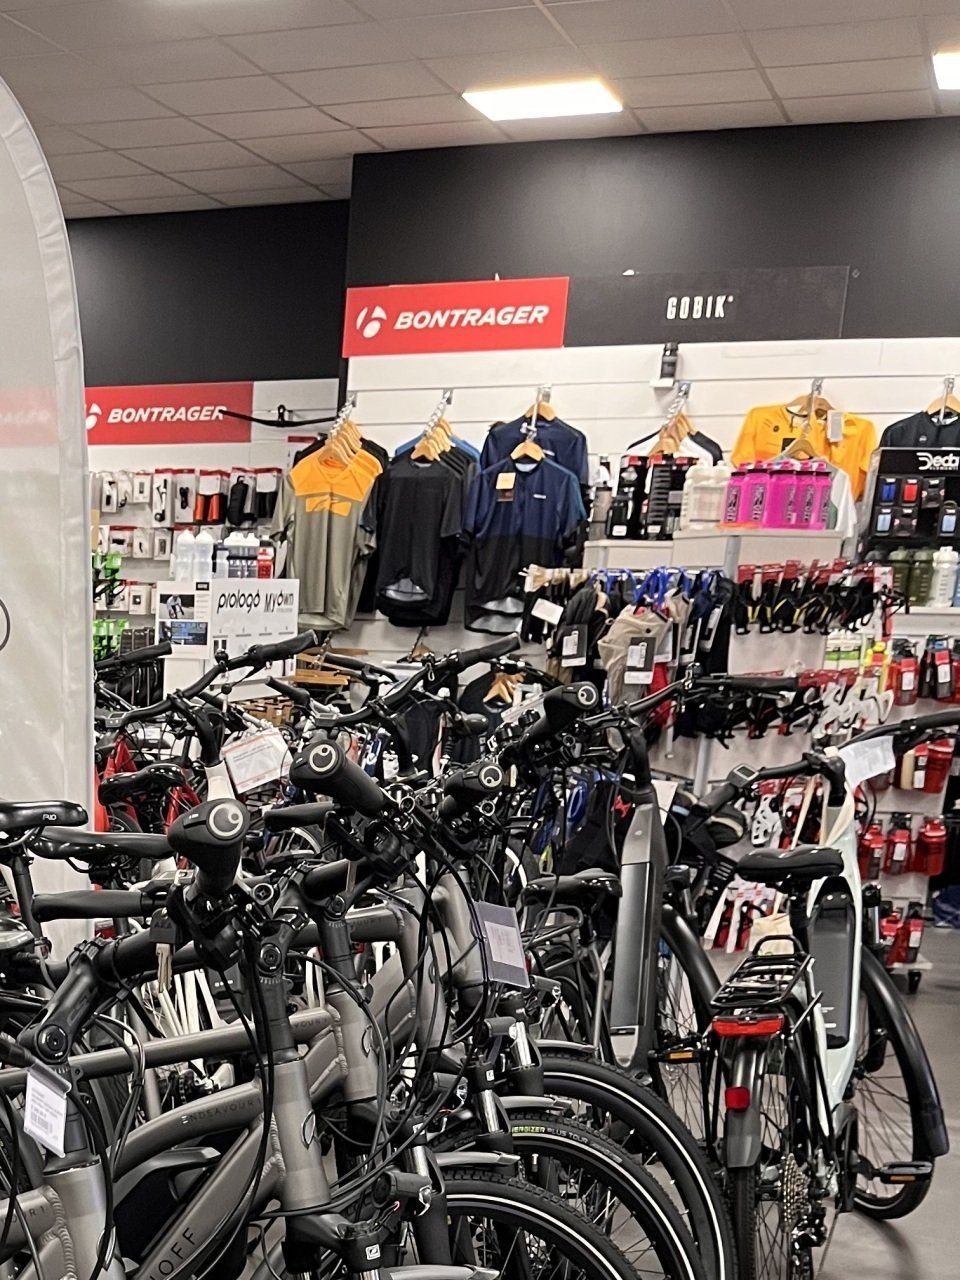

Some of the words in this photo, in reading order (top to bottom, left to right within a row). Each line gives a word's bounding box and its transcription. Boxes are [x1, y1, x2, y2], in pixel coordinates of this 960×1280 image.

[393, 304, 550, 331] BONTRAGER
[666, 295, 727, 320] GOBIK
[107, 405, 228, 424] BONTRAGER
[217, 589, 261, 614] prologo
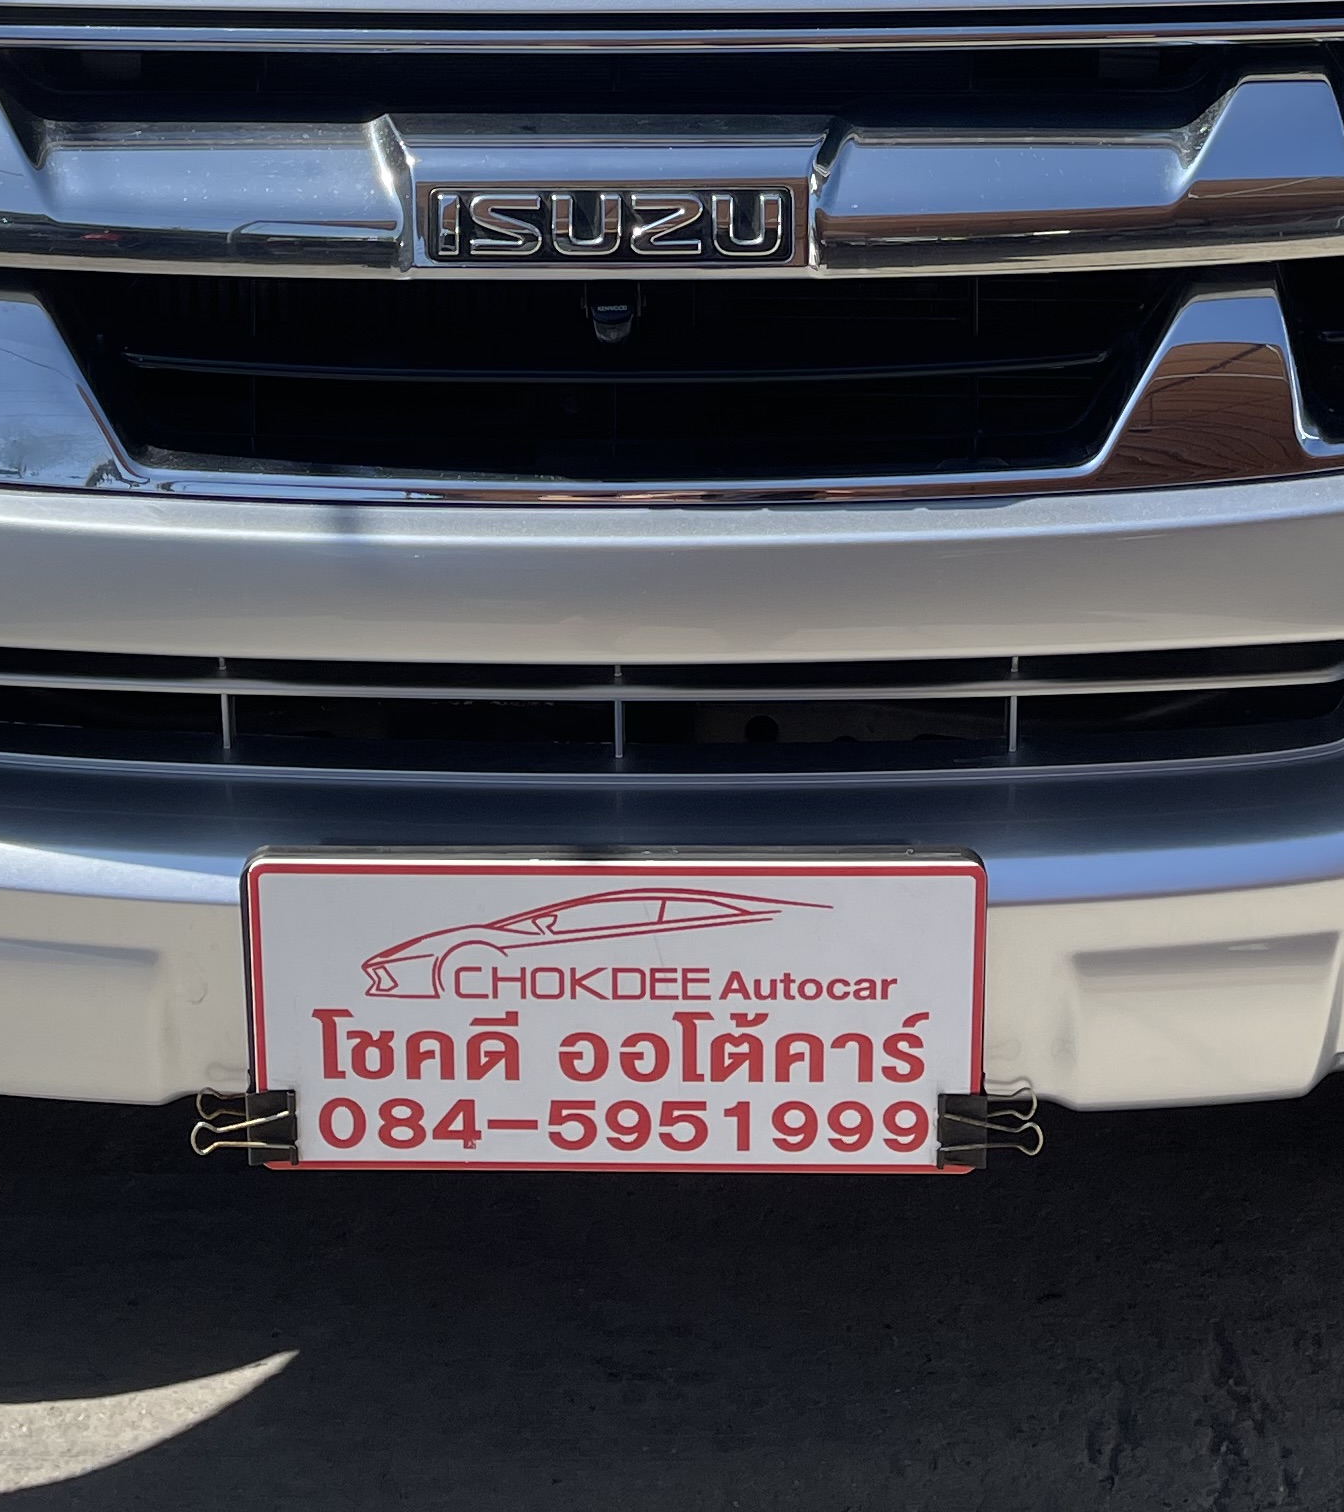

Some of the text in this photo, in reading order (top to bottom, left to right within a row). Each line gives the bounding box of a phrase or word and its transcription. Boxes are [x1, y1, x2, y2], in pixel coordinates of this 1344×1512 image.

[437, 193, 783, 257] ISUZU
[454, 966, 898, 1001] CHOKDEE Autocar
[312, 1008, 930, 1083] โชคดี ออโต้คาร์
[319, 1096, 929, 1153] 084-5951999
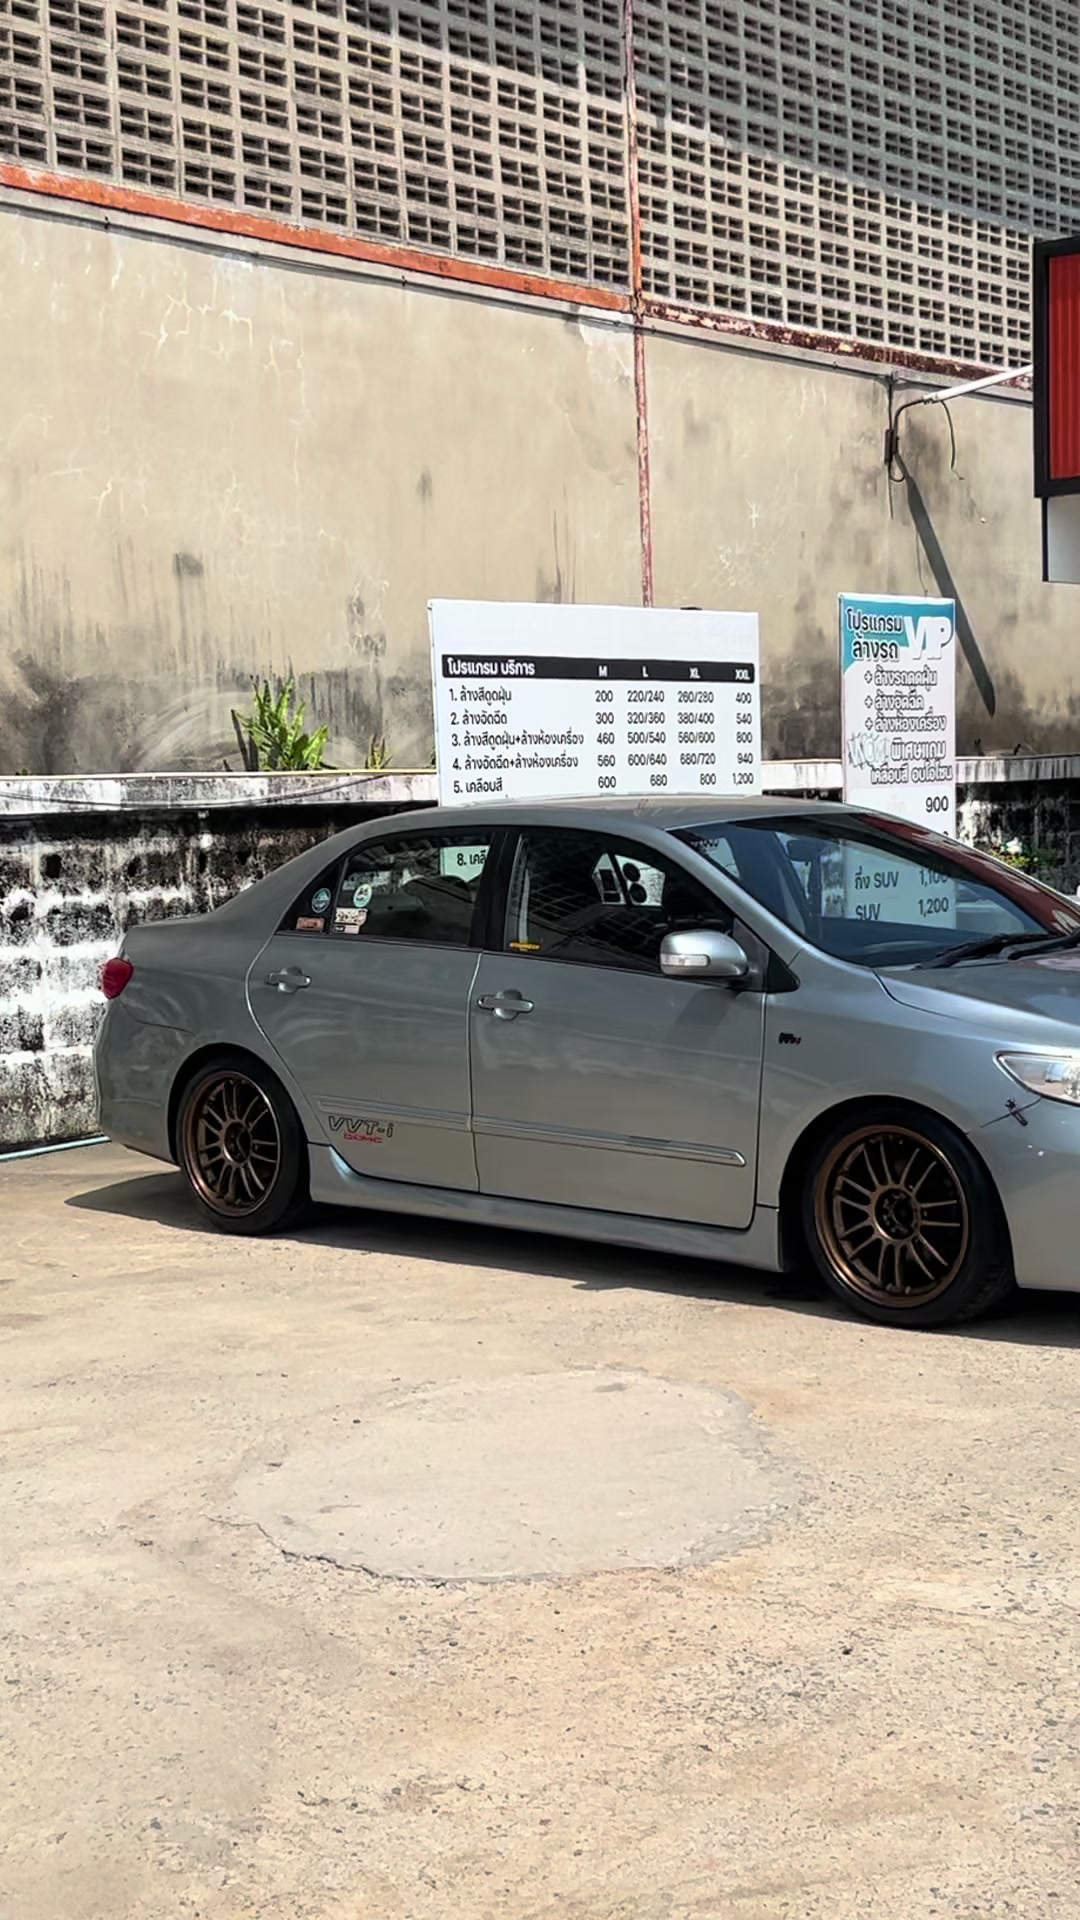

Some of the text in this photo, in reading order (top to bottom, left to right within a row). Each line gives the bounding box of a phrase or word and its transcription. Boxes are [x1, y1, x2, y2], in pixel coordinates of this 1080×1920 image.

[847, 608, 903, 633] โปรแกรม
[852, 633, 898, 659] ล้างรถ
[903, 616, 951, 660] VIP
[447, 656, 750, 680] โปรแกรม บริการ M L XL XXL
[449, 688, 457, 701] 1.
[595, 690, 614, 703] 200
[627, 690, 665, 703] 220/240
[677, 691, 714, 703] 260/280
[735, 692, 752, 704] 400
[450, 712, 460, 725] 2.
[595, 712, 615, 725] 300
[627, 712, 666, 725] 320/360
[677, 712, 715, 725] 380/400
[736, 712, 752, 725] 540
[452, 733, 461, 747] 3.
[596, 732, 615, 745] 460
[627, 731, 666, 744] 500/540
[678, 731, 715, 744] 560/600
[736, 731, 753, 744] 800
[452, 758, 462, 771] 4.
[597, 755, 616, 767] 560
[628, 753, 667, 766] 600/640
[680, 752, 716, 765] 680/720
[737, 752, 754, 764] 940
[453, 780, 463, 794] 5.
[598, 776, 617, 789] 600
[650, 774, 668, 787] 680
[700, 773, 717, 785] 800
[732, 772, 754, 786] 1,200
[925, 795, 949, 813] 900
[456, 853, 467, 866] 8.
[873, 871, 899, 889] SUV
[855, 897, 949, 921] SUV 1,200
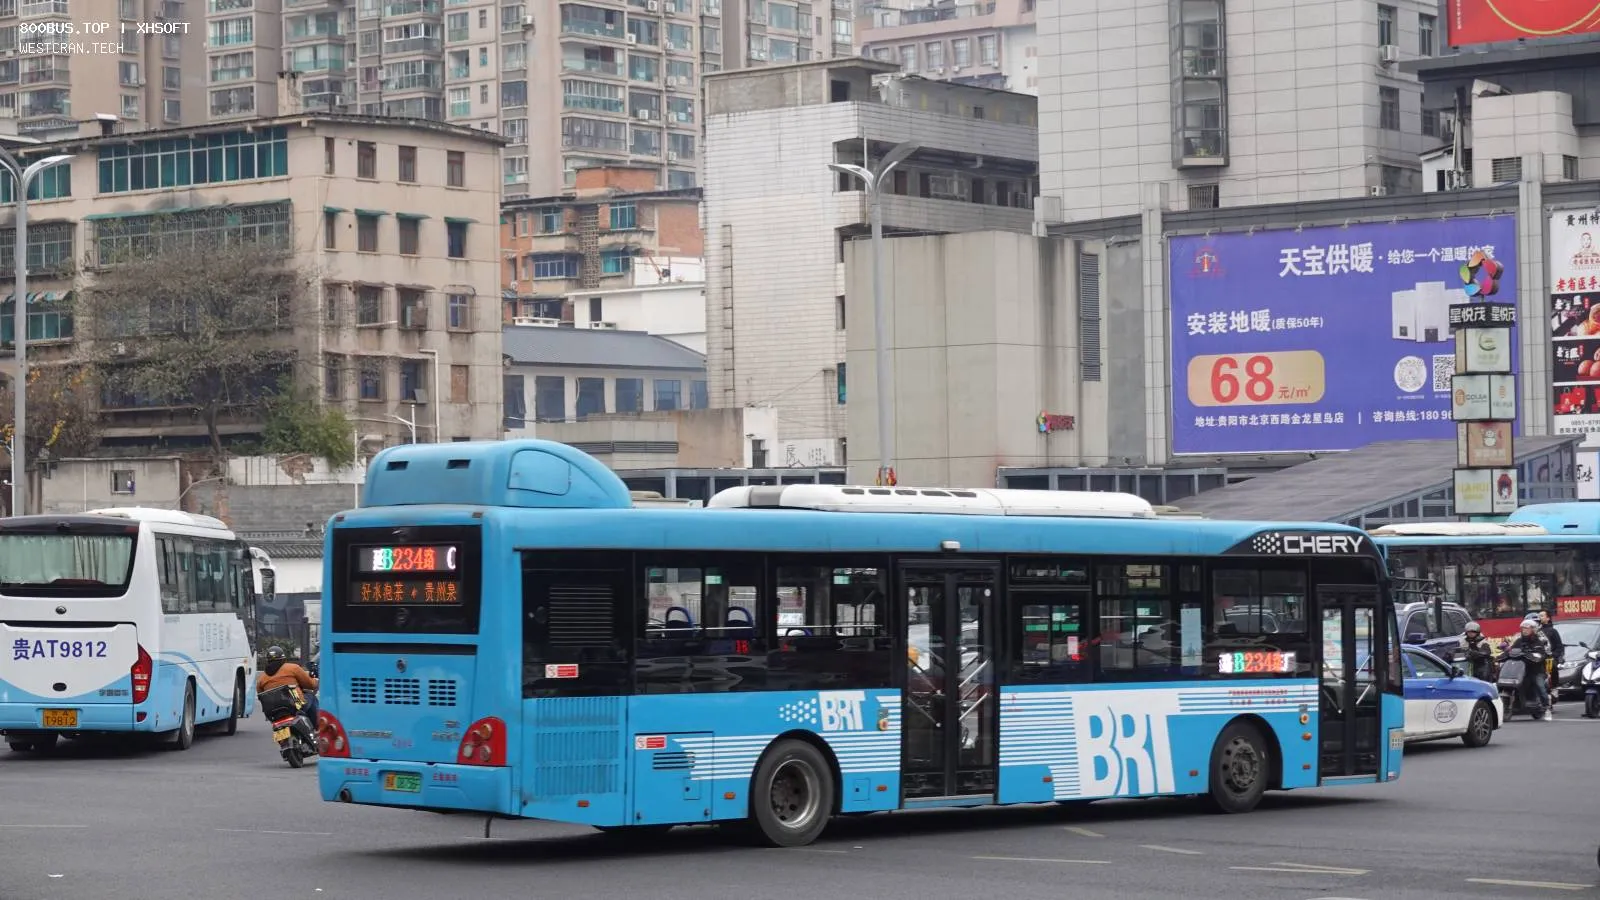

__AIM OF THE TASK__:
Pictures are to be left out; all other data must be returned exactly.

__OUTPUT OF THE EXERCISE__:
Some of the words in this photo, in reading order (top to bottom, left to right within a row). Each line gives a word's bounding box and its transcription. Boxes are [x1, y1, x2, y2], in pixel coordinates of this 960×1280 image.

[393, 304, 550, 331] BONTRAGER
[666, 295, 727, 320] GOBIK
[107, 405, 228, 424] BONTRAGER
[217, 589, 261, 614] prologo

Some of the text in this photo, in reading order (top to bottom, left to right within a row). Each line gives the bounding box of a phrase or word and its transcription. Boxes are [x1, y1, x2, y2], in pixel coordinates of this 1344×1512 image.

[437, 193, 783, 257] ISUZU
[454, 966, 898, 1001] CHOKDEE Autocar
[312, 1008, 930, 1083] โชคดี ออโต้คาร์
[319, 1096, 929, 1153] 084-5951999

Some of the text in this photo, in reading order (top to bottom, left to right within a row). Each line gives the bounding box of a phrase or word and its transcription. Boxes are [x1, y1, x2, y2], in pixel coordinates of this 1080×1920 image.

[847, 608, 903, 633] โปรแกรม
[852, 633, 898, 659] ล้างรถ
[903, 616, 951, 660] VIP
[447, 656, 750, 680] โปรแกรม บริการ M L XL XXL
[449, 688, 457, 701] 1.
[595, 690, 614, 703] 200
[627, 690, 665, 703] 220/240
[677, 691, 714, 703] 260/280
[735, 692, 752, 704] 400
[450, 712, 460, 725] 2.
[595, 712, 615, 725] 300
[627, 712, 666, 725] 320/360
[677, 712, 715, 725] 380/400
[736, 712, 752, 725] 540
[452, 733, 461, 747] 3.
[596, 732, 615, 745] 460
[627, 731, 666, 744] 500/540
[678, 731, 715, 744] 560/600
[736, 731, 753, 744] 800
[452, 758, 462, 771] 4.
[597, 755, 616, 767] 560
[628, 753, 667, 766] 600/640
[680, 752, 716, 765] 680/720
[737, 752, 754, 764] 940
[453, 780, 463, 794] 5.
[598, 776, 617, 789] 600
[650, 774, 668, 787] 680
[700, 773, 717, 785] 800
[732, 772, 754, 786] 1,200
[925, 795, 949, 813] 900
[456, 853, 467, 866] 8.
[873, 871, 899, 889] SUV
[855, 897, 949, 921] SUV 1,200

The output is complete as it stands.